Arsenic in Water
Arsenic is found to a small extent in nature in elemental form.
It occurs mostly in the form of arsenites of true metals or as pyrites. Other sources of arsenic are from mining debris and wastes and certain insecticides and herbicides.
Arsenic may have valences of +3, +4 and +5. In its elemental form, it is not poisonous.
Arsenic is cumulative in the tissues of many organisms and eventually exerts its effects even though the natural level is low. Arsenic is notorious for its toxicity to humans. Ingestion of as little as 130 mg of arsenic has proved fatal.
U.S. Public Health Service drinking water standards recommend an upper limit of 0.05 mg/L of arsenic.

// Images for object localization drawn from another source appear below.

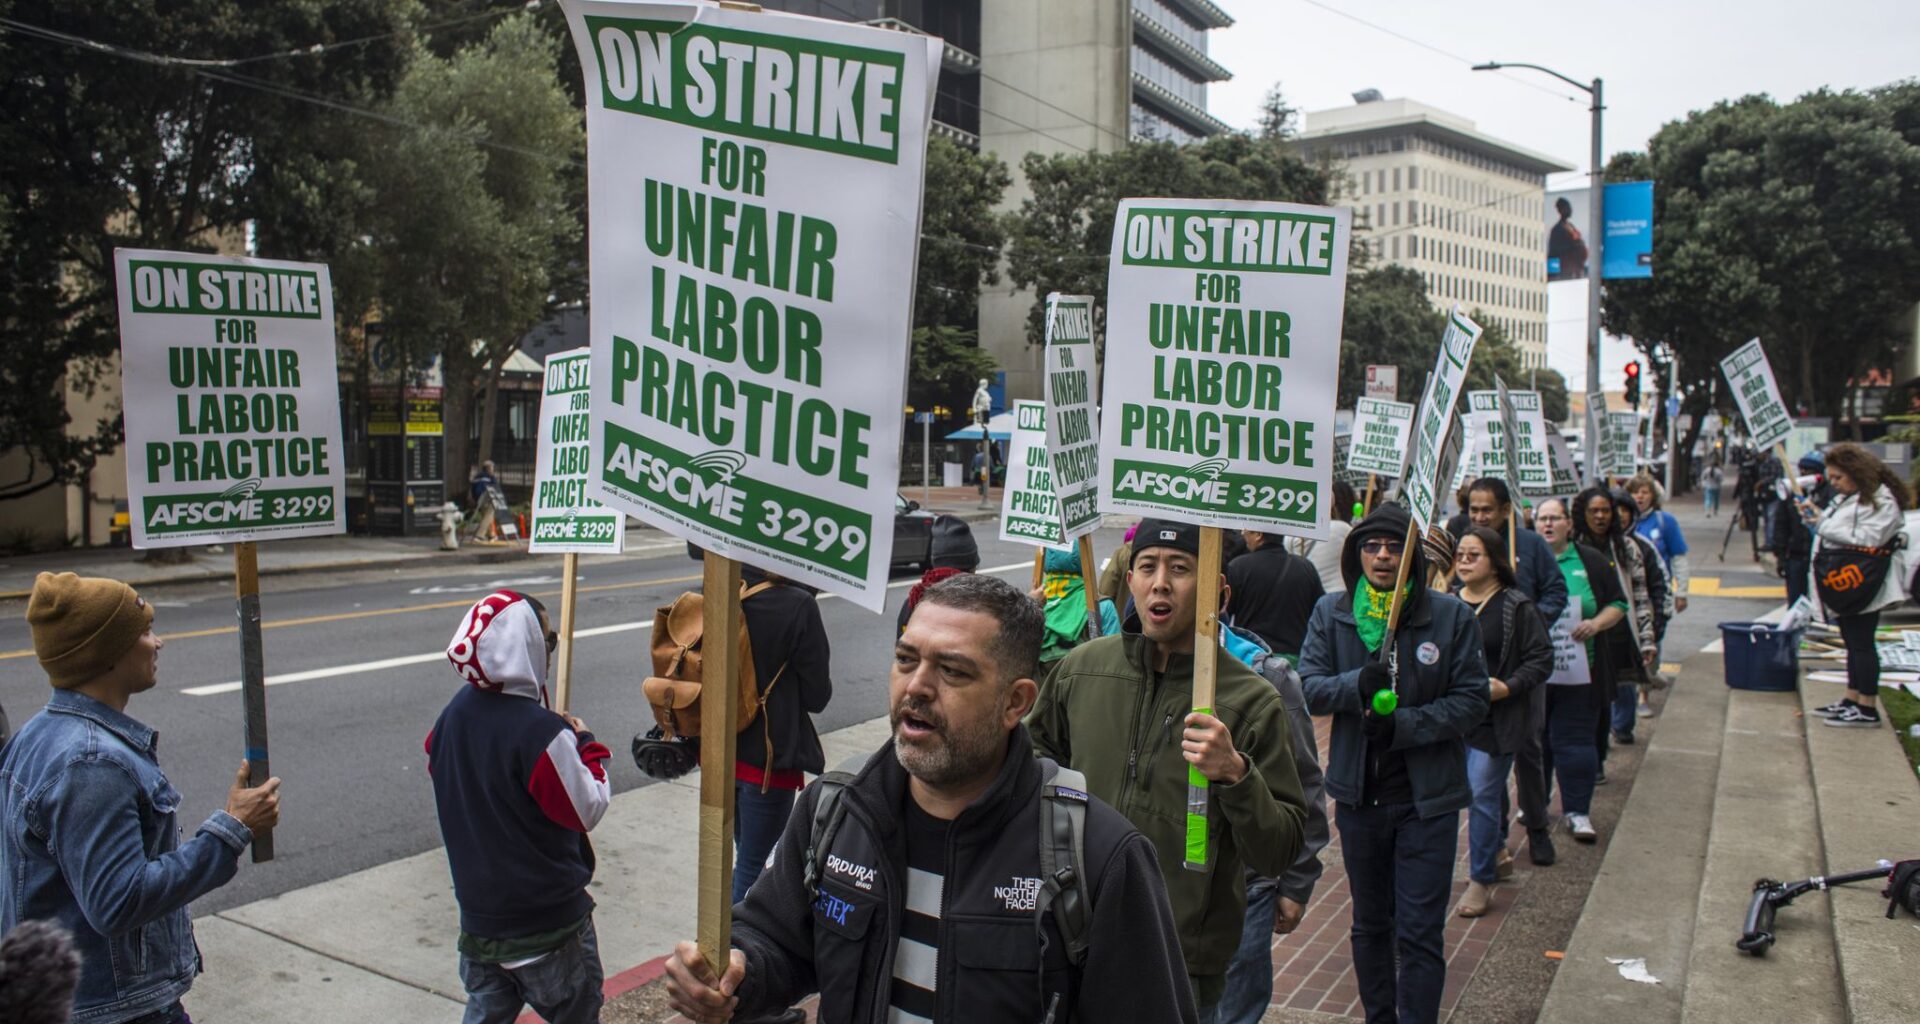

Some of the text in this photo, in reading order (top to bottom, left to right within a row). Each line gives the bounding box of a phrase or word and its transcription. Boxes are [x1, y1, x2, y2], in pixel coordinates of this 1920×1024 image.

[598, 26, 897, 151] ON STRIKE
[701, 136, 767, 197] FOR
[645, 177, 838, 303] UNFAIR
[1127, 214, 1330, 269] ON STRIKE
[134, 266, 319, 314] ON STRIKE
[1195, 272, 1241, 303] FOR
[214, 318, 257, 344] FOR
[651, 265, 823, 388] LABOR
[1053, 307, 1089, 340] STRIKE
[1149, 302, 1292, 359] UNFAIR
[168, 346, 301, 388] UNFAIR
[1059, 347, 1075, 369] FOR
[549, 363, 567, 392] ON
[1050, 369, 1088, 408] UNFAIR
[1153, 354, 1283, 412] LABOR
[177, 392, 299, 435] LABOR
[570, 392, 590, 411] FOR
[611, 335, 871, 490] PRACTICE
[1475, 395, 1493, 410] ON
[552, 413, 589, 444] UNFA
[1019, 406, 1041, 429] ON
[1056, 407, 1091, 447] LABOR
[1364, 421, 1399, 437] UNFAIR
[1120, 402, 1315, 468] PRACTICE
[1364, 434, 1395, 448] LABOR
[146, 436, 330, 483] PRACTICE
[552, 445, 589, 476] LABO
[1354, 443, 1401, 461] PRACTICE
[606, 442, 867, 562] AFSCME 3299
[1115, 469, 1230, 505] AFSCME
[1238, 484, 1315, 514] 3299
[148, 495, 332, 528] AFSCME 3299
[1065, 498, 1091, 524] AFSCME
[536, 521, 615, 539] AFSCME 3299
[1008, 520, 1049, 537] AFSCME
[826, 854, 874, 882] ORDURA
[1012, 876, 1035, 889] THE
[855, 880, 872, 890] BRAND
[994, 886, 1034, 899] NORTH
[1005, 897, 1035, 910] FACE

Aquatic organisms seem to be able to tolerate levels up to 2 mg/L. with respect to lower forms of aquatic life, arsenic concentrations of 3 to 14 mg/L have not harmed may fly nymphs and 10 to 20 mg/L have been harmless toward dragon and damsel flies.
Concentrations of 2 to 4 mg/L of arsenic are reported not to interfere with self purification of streams. Bacteria grow even in the presence of 10,000 mg/L of potassium arsenate and algae are not killed at 1,000 mg/L of arsenate.
Some aquatic organisms may concentrate arsenic although it does not appear to concentrate throughout the food chain. Concentrations of 1 mg/L of arsenic have been present in drinking water that was used for short periods of time producing no ill effects, but long term use of water containing 0.21 mg/L of arsenic has been reported to have poison effects.
With respect to lower forms of aquatic life, arsenic concentrations of 3 to 14 mg/L have not harmed may fly nymphs, and 10 to 20 mg/L have been harmless towards dragon and damsel flies.